Corpi che parlano. Corpi che vendono. Corpi che ti fanno sentire inadeguata, in difetto, insoddisfatta. Corpi che ti dicono che sei bellissima così come sei. Anche quando non ti ci senti affatto, bella.

Corpi che fanno tutto al posto tuo: ti spiegano chi sei, in cosa dovresti credere, cosa dovresti comprare, pensare, dire.

Corpi fragili che non reggono più il peso di tutto quello che si portano addosso.

Quando, il nostro aspetto è diventato più identitario del nostro pensiero?

Ho capito che la questione identitaria ci stava sfuggendo di mano quando sono iniziate le restrizioni.

Da quando in qua non posso esprimere un concetto se non appartengo alle taglie forti o soffro di acne tardiva, ho i denti storti, il diastema, le lentiggini, i fianchi larghi, le gambe corte o troppo lunghe. A chi ascolta, che gliene dovrebbe fregare di come sono fatta? Sto formulando un pensiero, non sto mica facendo la fila per farmi schedare come comparsa a Cinecittà.

L’atteggiamento body positive che prometteva assoluta libertà si è rivelato, al contrario, una gabbia senza via di fuga.

Ma siccome scappare è impossibile, difendersi è d’obbligo. Ecco come riconoscere le 3 positività di cui potremmo fare tranquillamente a meno:

  1. Positività tossica: la si vede spesso tra le storie di Instagram e si palesa sempre allo stesso modo. In pratica un Influencer, o aspirante tale, ti dice che ha il tuo stesso problema. Solo che lo risolve in 15 secondi. E tu no.

Tossica perché non è vero che tutto passa in quindici secondi. Soprattutto, è alquanto improbabile che il processo di accettazione sia così semplice e veloce.

 

  1. Positività strumentale: Sempre lei con il filtro California ti dice che da quando usa questo prodotto sta benissimo. Soprattutto da quando accanto ci mette l’hashtag #aff che sta per “affiliate” che a sua volta sta per “più ne compri più guadagno”. Direi che possiamo fare a meno di entrambi: prodotto e Influencer.

 

  1. Positività irreale: Si mostra nuda dicendoti che nonostante i difetti (?) accetta il suo corpo “normale”. Però:
    1. Il corpo è di gran lunga al di sopra di quelli che solitamente noi mortali definiamo normali
    2.  Ritocca la foto e il risultato è una pelle di pesca, viso piallato e talmente illuminato che quasi scompare il naso, se la cellulite c’è di certo non si vede e smagliature manco per sbaglio. Diciamo che me la immaginavo diversa l’accettazione di sé.
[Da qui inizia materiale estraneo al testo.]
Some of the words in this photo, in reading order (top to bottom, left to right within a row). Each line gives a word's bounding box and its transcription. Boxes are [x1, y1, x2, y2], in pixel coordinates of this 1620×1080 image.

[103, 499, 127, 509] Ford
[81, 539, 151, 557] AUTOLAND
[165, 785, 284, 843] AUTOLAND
Celebrare una smagliatura in nome della body positivity è bellissimo e ognuno sceglie il modo che preferisce di portare a casa la pagnotta. Ammetto, però, che mi piacerebbe se ne parlasse per normalizzare concretamente i difetti, senza cercare di vendere per forza qualcosa al termine del pippone emotivo-markettaro.
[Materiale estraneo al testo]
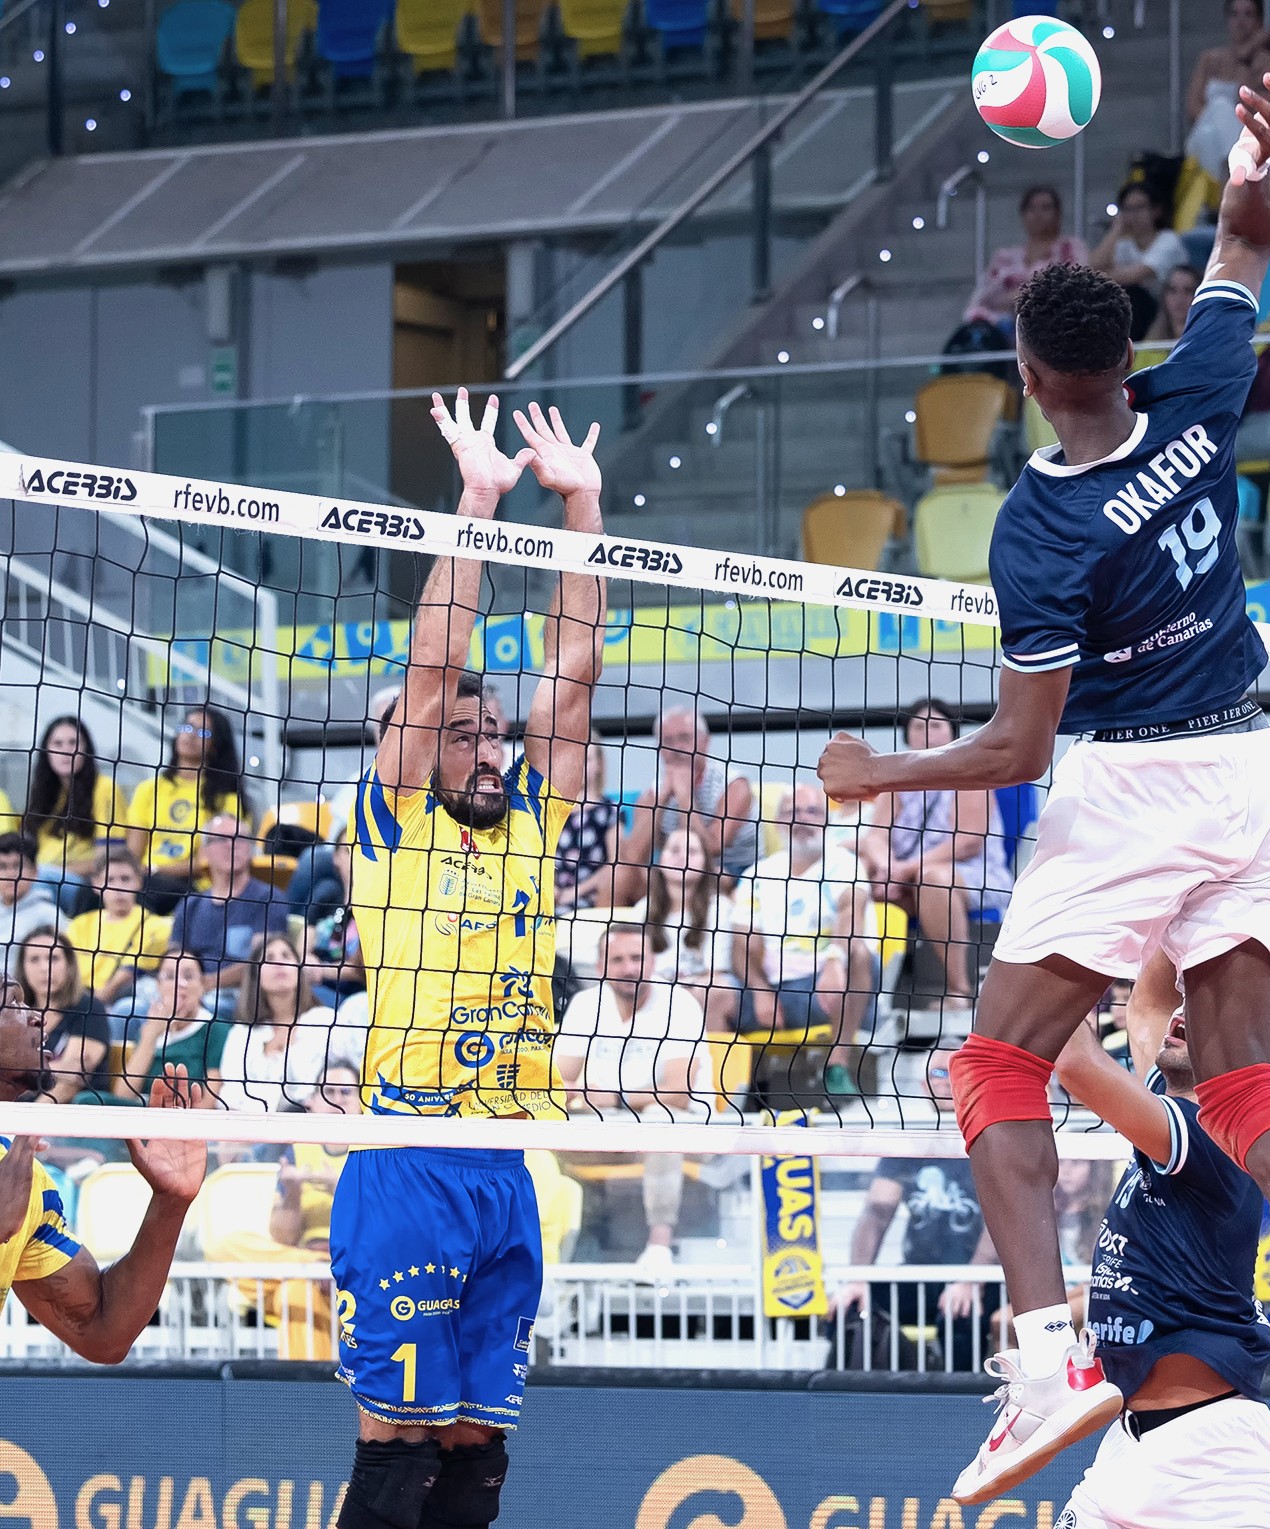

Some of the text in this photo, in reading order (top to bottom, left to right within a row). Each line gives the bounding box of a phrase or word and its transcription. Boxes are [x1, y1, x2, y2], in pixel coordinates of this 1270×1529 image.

[1103, 424, 1218, 535] OKAFOR
[26, 469, 137, 502] ACERBIS
[173, 486, 280, 522] rfevb.com
[320, 507, 425, 541] ACERBIS
[456, 523, 554, 559] rfevb.com
[588, 543, 683, 574] ACERBIS
[714, 558, 804, 592] rfevb.com
[836, 577, 924, 606] ACERBIS
[1158, 497, 1222, 592] 19
[1157, 617, 1213, 648] Canarias
[1138, 723, 1171, 738] ONE
[1188, 713, 1220, 729] PIER
[775, 1154, 813, 1242] UAS
[390, 1343, 417, 1402] 1
Lo so, questo non è un articolo sull’etica professionale e i venditori di sogni e bugie continueranno ad esistere anche senza la mia approvazione.

È che la body positivity dovrebbe essere pura e semplice accettazione di sé.

E l’accettazione di sé, a un certo punto, non avrebbe dovuto tramutarsi in un stigazzi gigantesco di come siamo fatti? Non sarebbe fantastico leggere didascalie tipo “io dico quello che penso perché mi va e non perché ho un certo difetto che potrebbe farmi fare una fortuna se solo riuscissi a sfruttarlo per bene”?

Che poi, è un attimo andare a rovistare fra i traumi adolescenziali per scovare un “difetto” che ci aiuti a vendere una crema o una consulenza o una guainetta massaggiante. Ma mi chiedo: è davvero necessario tirare in ballo le prese in giro subite a tredici anni e ormai superate?

Perché, sia chiaro, se è vero che “abitiamo tutti un tempo in cui i traumi d’infanzia sono materia di lagna adultacome dice Guia Soncini nel suo L’era della suscettibilità, è altrettanto vero che se quella ferita è ancora aperta mi sa che serve più parlare con una/o brava/o che spalmarsi una crema.

Non vorrei sembrare cinica e, anzi, mi piacerebbe parlare dei miei difetti con disinvoltura senza che questi diventassero per forza un’etichetta da appiccicarmi addosso e non staccare più. Vorrei farlo per il gusto di condividere la mia esperienza, per farmi coraggio nelle giornate in cui mi sembra che la gente fissi le chiazze rosse della dermatite o il brufolo spuntato quando mannaggiaame ero già uscita di casa e non son riuscita a farlo fuori.

Insomma, vorrei che la body positivity non fosse solo la sagra del difetto in piazza ma l’elogio alla pura e semplicenormalità.